* _What is being asked_: Write an exact copy of the entries below that leaves out all pictures.

* _Data in this exercise_:
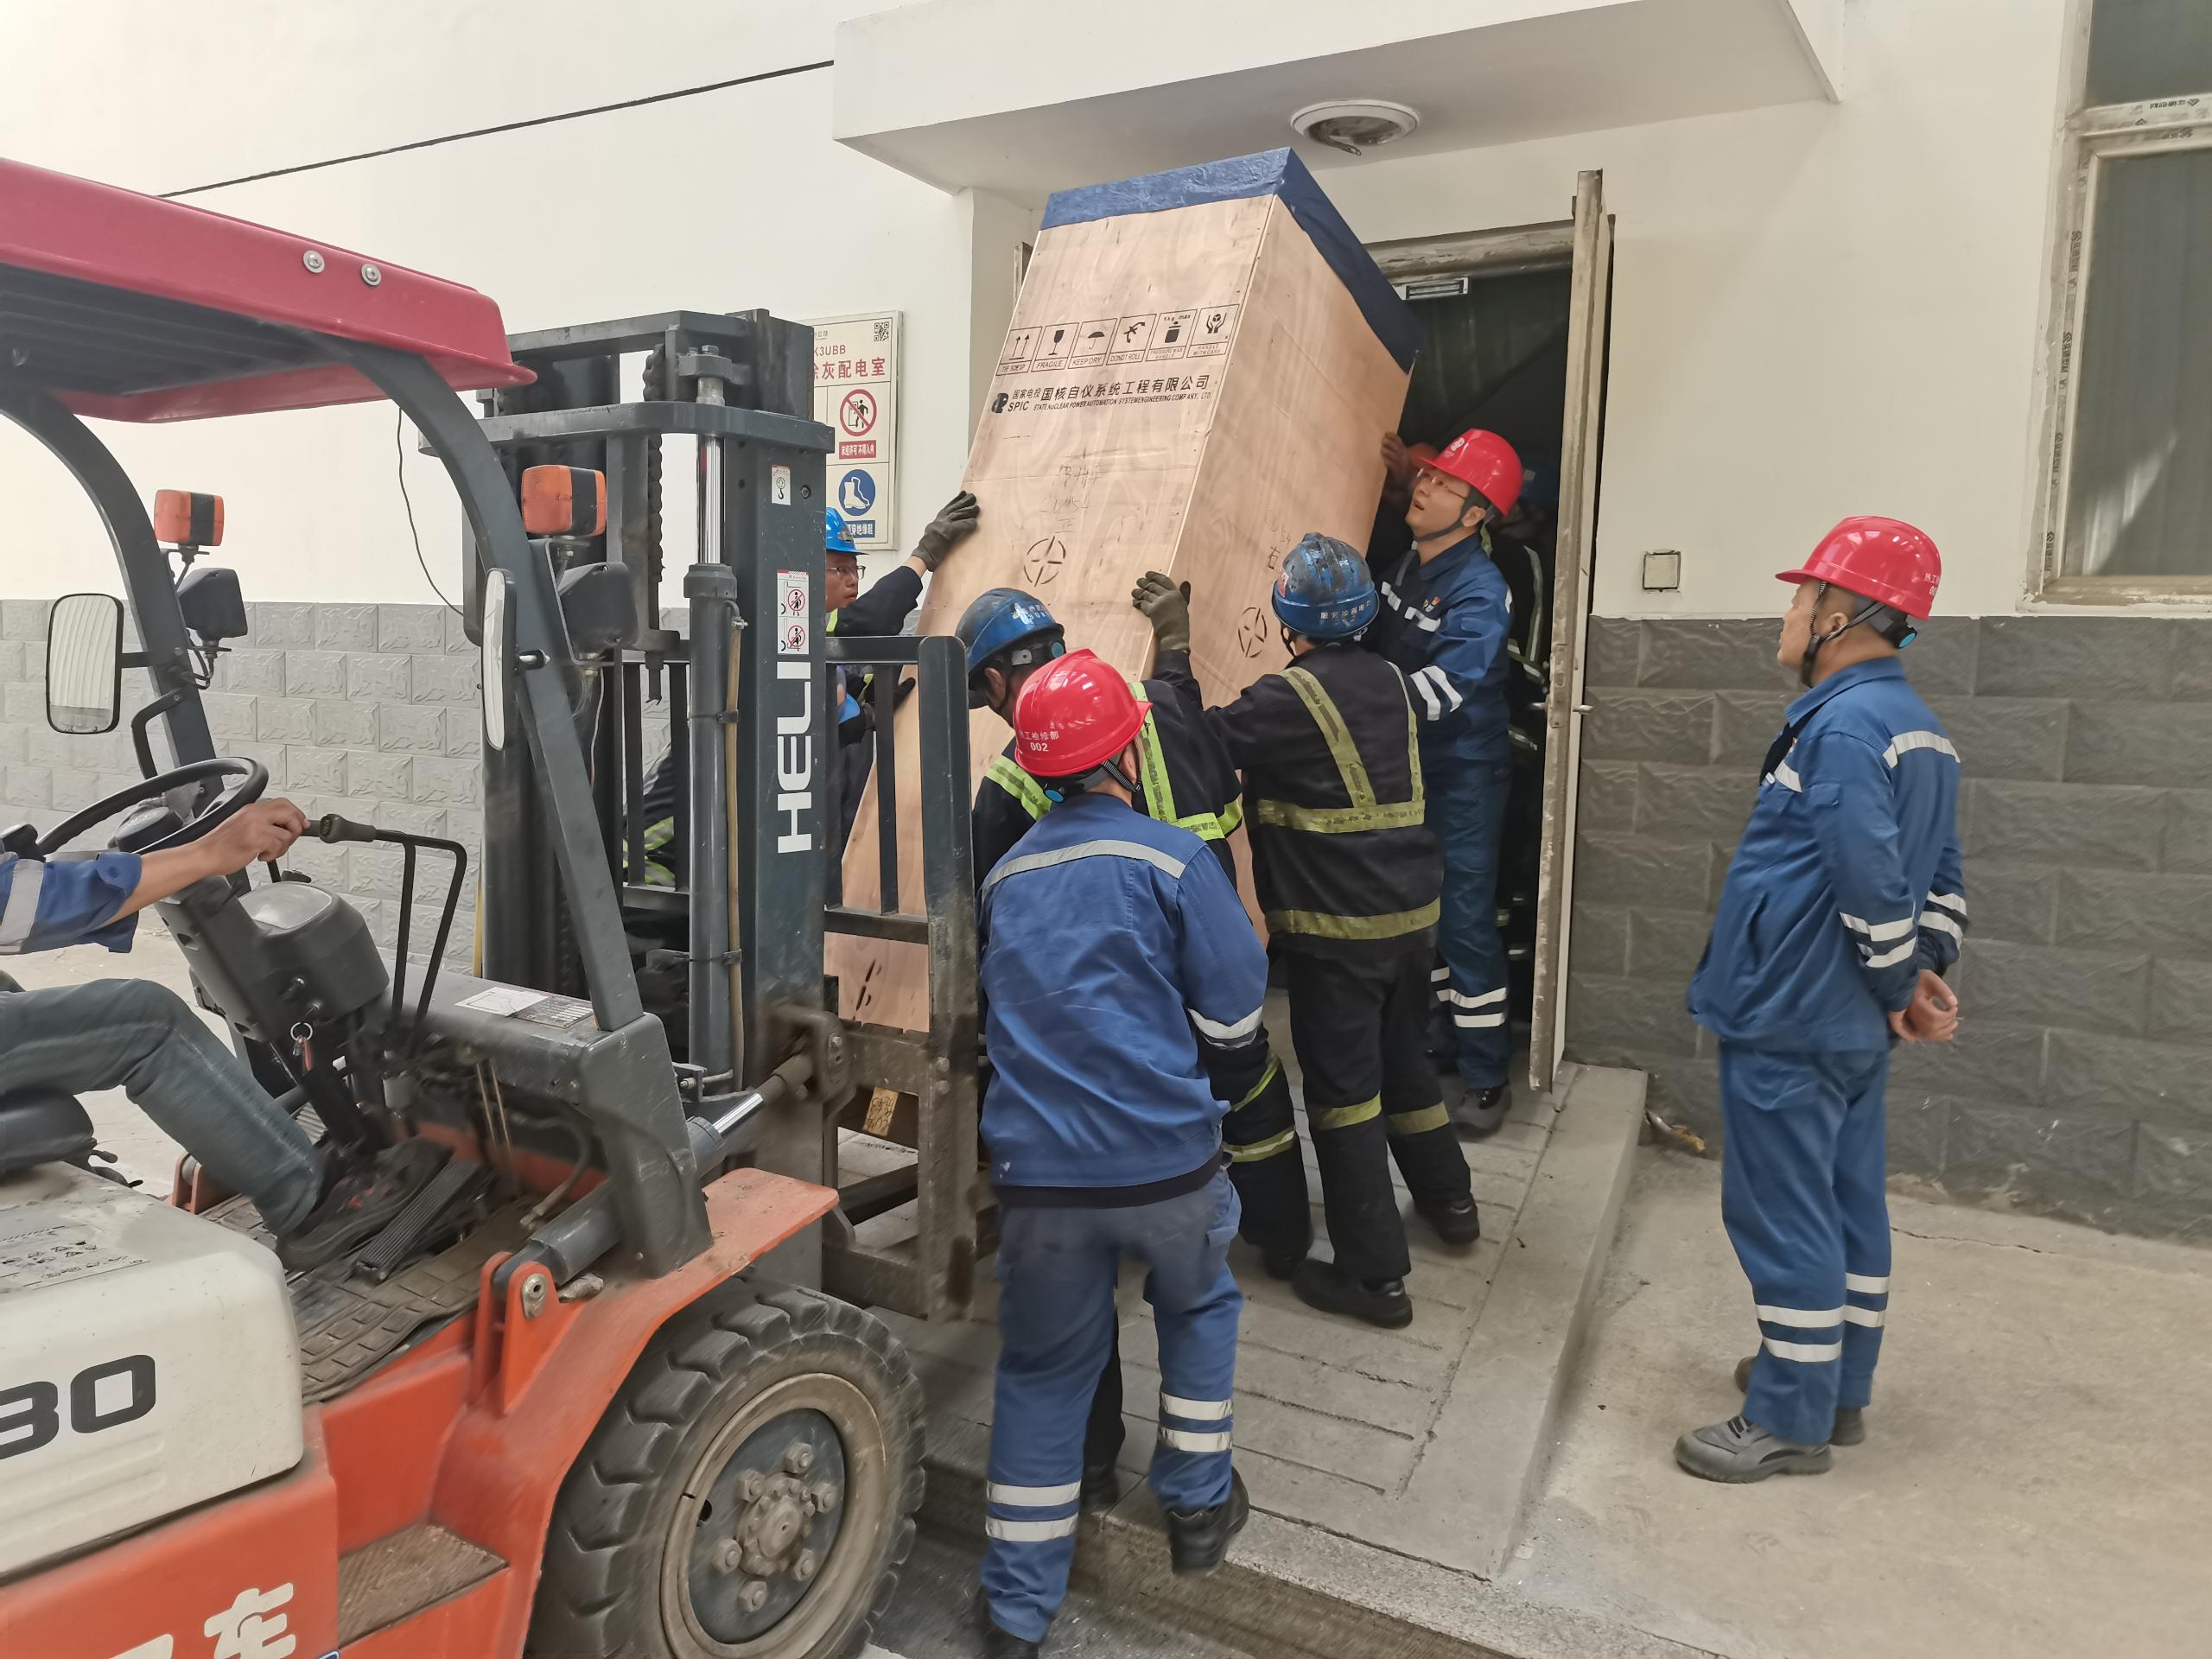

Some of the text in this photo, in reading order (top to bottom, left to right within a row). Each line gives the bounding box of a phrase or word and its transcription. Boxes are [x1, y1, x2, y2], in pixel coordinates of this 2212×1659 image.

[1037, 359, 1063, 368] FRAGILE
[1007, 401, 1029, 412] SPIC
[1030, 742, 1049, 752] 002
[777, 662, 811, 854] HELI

* _Response below_:
Some of the text in this photo, in reading order (top to bottom, left to right within a row). Each line gives the bounding box of a phrase or word and its transcription. Boxes are [x1, y1, x2, y2], in pixel coordinates of this 2212×1659 image.

[1037, 359, 1063, 368] FRAGILE
[1007, 401, 1029, 412] SPIC
[1030, 742, 1049, 752] 002
[777, 662, 811, 854] HELI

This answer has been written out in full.